The problem: Each line below must be set down exactly; omit any image you find.

Source records
* * * * * * *
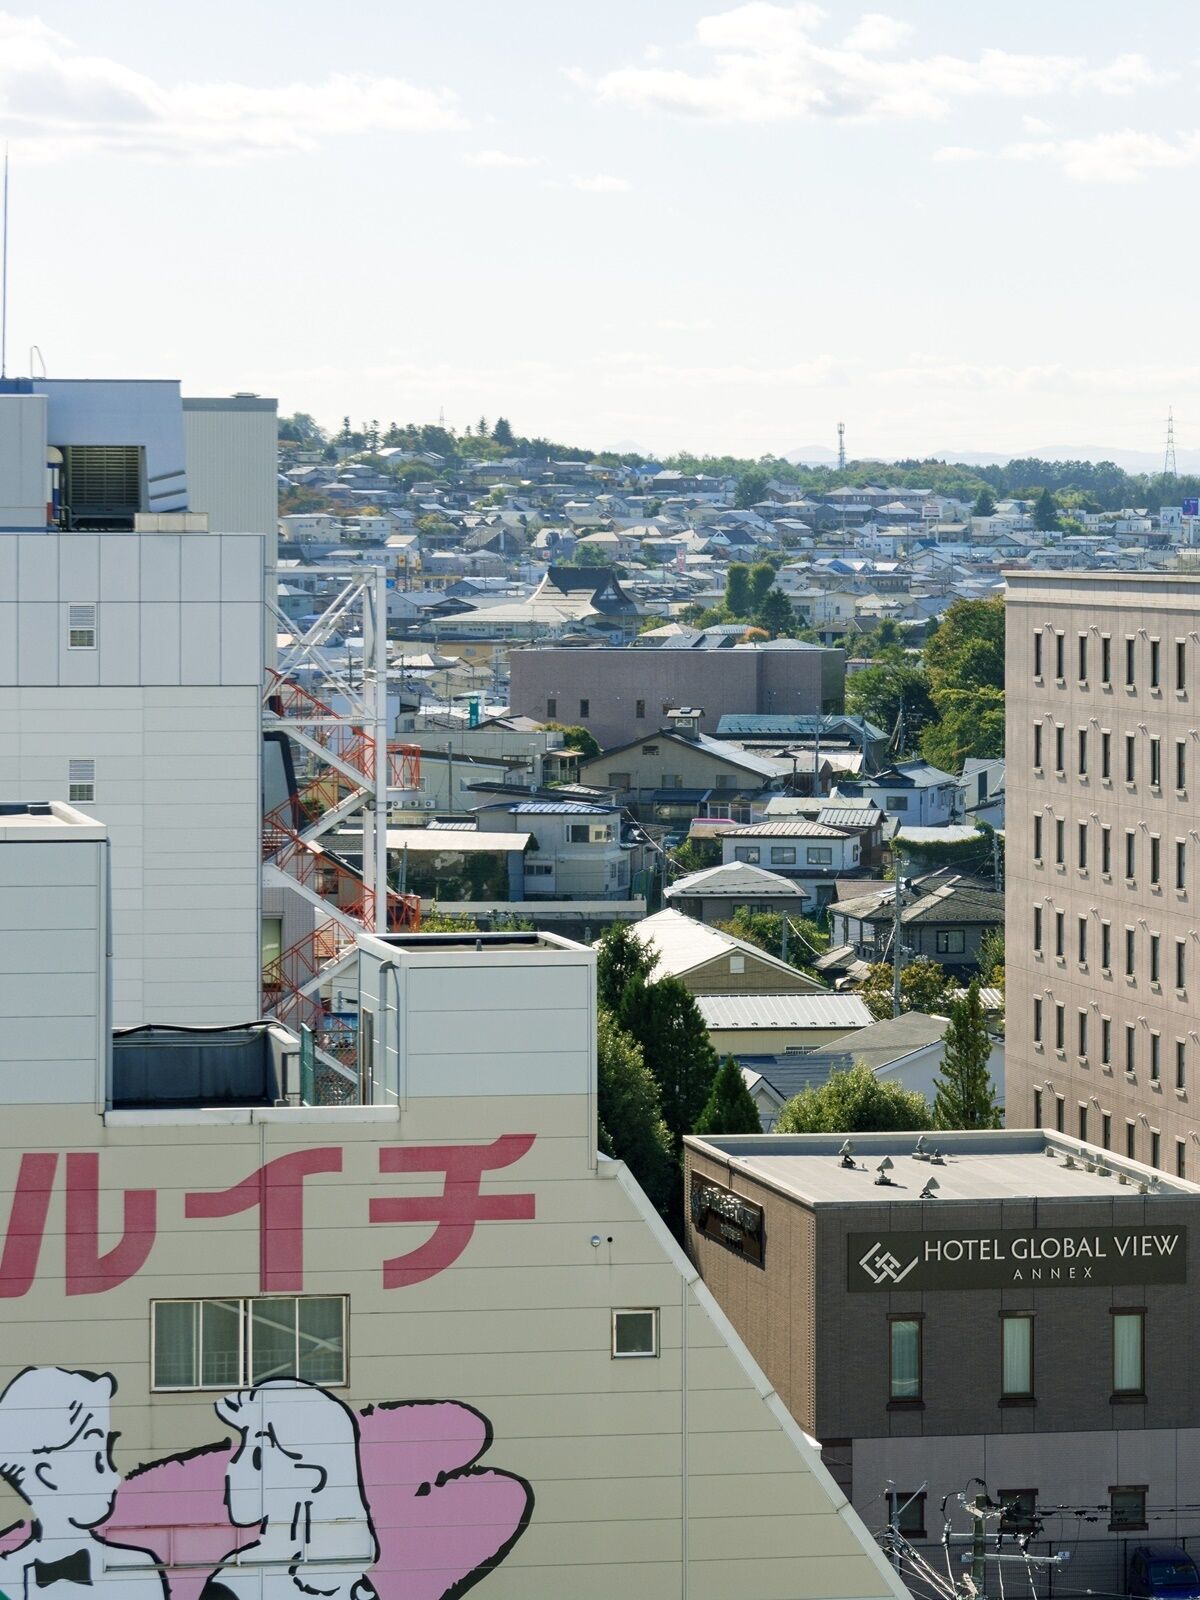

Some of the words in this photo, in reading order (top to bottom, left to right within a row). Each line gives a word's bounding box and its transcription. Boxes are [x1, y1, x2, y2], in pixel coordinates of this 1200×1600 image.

[0, 1133, 537, 1299] ルイチ
[924, 1239, 1006, 1262] HOTEL
[1011, 1236, 1107, 1260] GLOBAL
[1113, 1234, 1180, 1257] VIEW
[1013, 1266, 1093, 1281] ANNEX
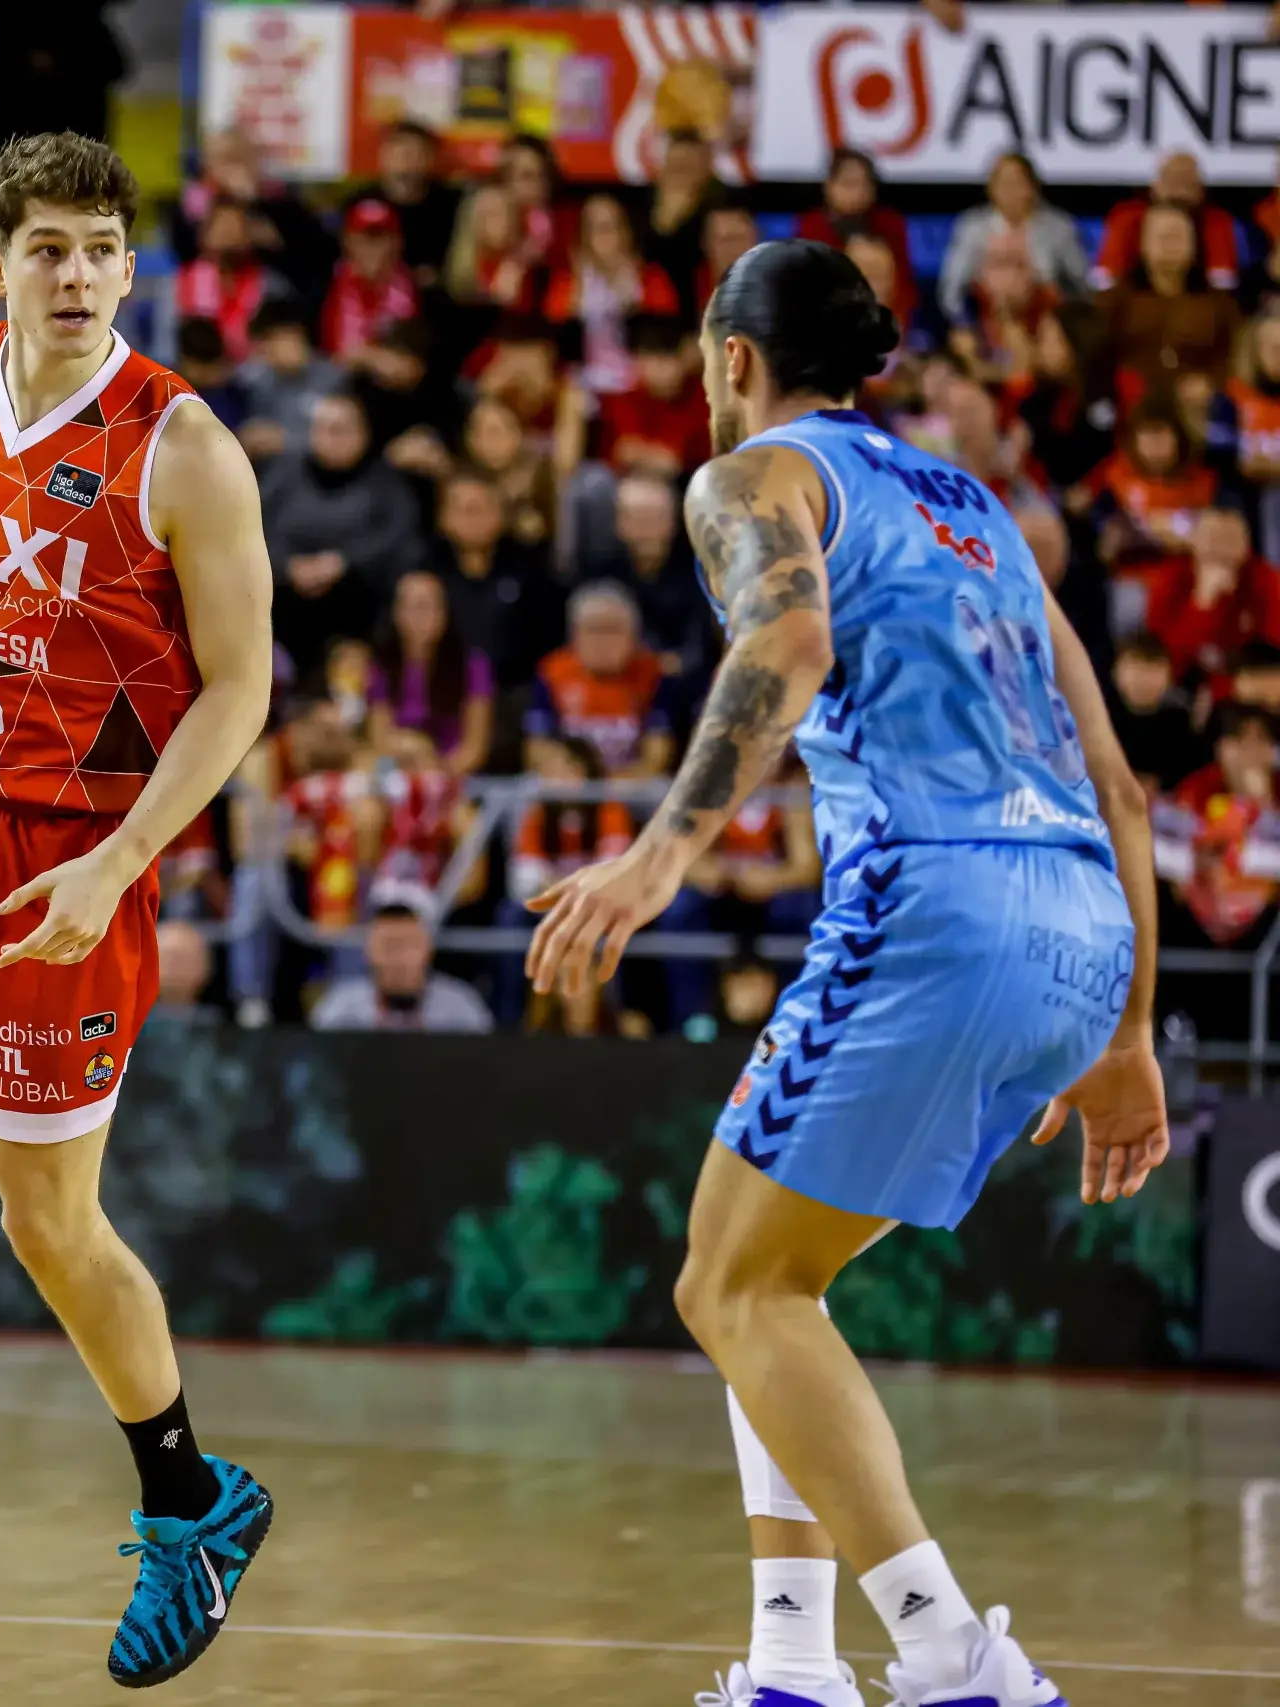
* * * * * * *
Response area:
Some of the words in this photo, in reading order (top to bottom, left to right within a row). Each line gives a word's bounding box and its transcription. Boxes are [x1, y1, x2, y2], in pixel coordinates of this 1200×1600 image.

[0, 1133, 537, 1299] ルイチ
[924, 1239, 1006, 1262] HOTEL
[1011, 1236, 1107, 1260] GLOBAL
[1113, 1234, 1180, 1257] VIEW
[1013, 1266, 1093, 1281] ANNEX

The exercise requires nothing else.